Outro benefício está na capacidade de planejar e replanejar a produção rapidamente diante de imprevistos, como atrasos de entregas ou pedidos de última hora.

Nesse cenário, a BRAINR defende a construção de um frigorífico cada vez mais “paperless”, no qual as informações necessárias para a operação estejam disponíveis digitalmente e possam ser acessadas pelos diferentes setores.

 

IA, automação e o futuro da suinocultura

O avanço da automação é apontado pela empresa como uma das tendências que devem transformar a indústria de proteína animal nos próximos anos.

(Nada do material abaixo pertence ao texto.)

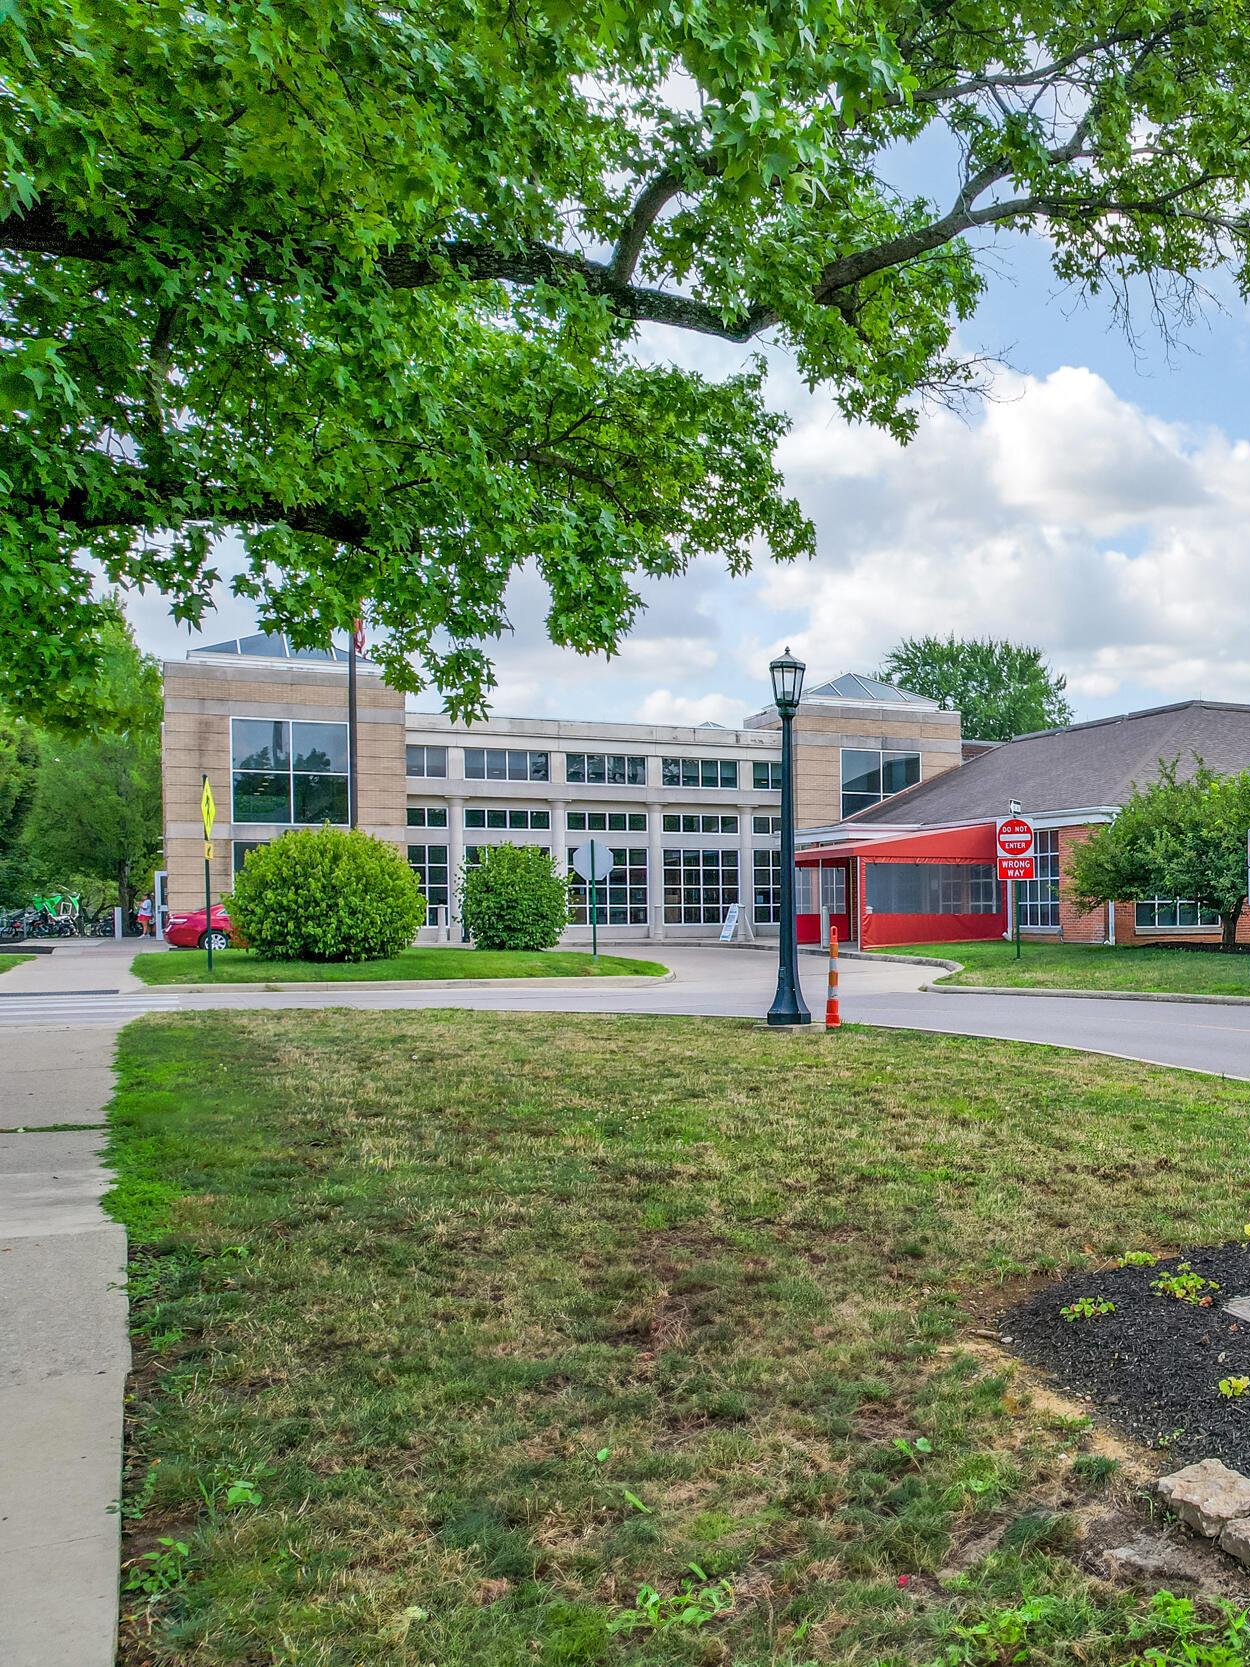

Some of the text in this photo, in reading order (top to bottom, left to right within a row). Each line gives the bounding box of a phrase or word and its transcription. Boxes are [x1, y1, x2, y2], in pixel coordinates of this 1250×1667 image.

A expectativa é de maior presença de robótica, inclusive com novas gerações de robôs, além de uma camada crescente de inteligência capaz de integrar equipamentos de diferentes fornecedores.

Ao mesmo tempo, a BRAINR projeta uma integração cada vez maior de toda a cadeia de suprimentos, desde o setor primário até a expedição. A empresa também identifica uma tendência de maior customização dos produtos, impulsionada tanto pelos consumidores quanto pelos varejistas em busca de maior agregação de valor.

Esse cenário, porém, também aumenta a quantidade de informações que precisam ser administradas. É justamente nesse ponto que a empresa pretende ampliar sua atuação. A BRAINR trabalha com uma plataforma em nuvem e disponibiliza novas funcionalidades de forma contínua aos clientes, reduzindo a necessidade de projetos complexos de atualização de sistemas.

A inteligência artificial também está sendo incorporada aos processos para tornar atividades como planejamento mais inteligentes e permitir que agentes digitais assumam determinadas tarefas operacionais.

Para a empresa, o objetivo final é utilizar a integração para colocar a informação certa no lugar certo, no momento certo — e transformar dados em decisões capazes de gerar eficiência, rendimento e competitividade para a indústria brasileira de proteína animal.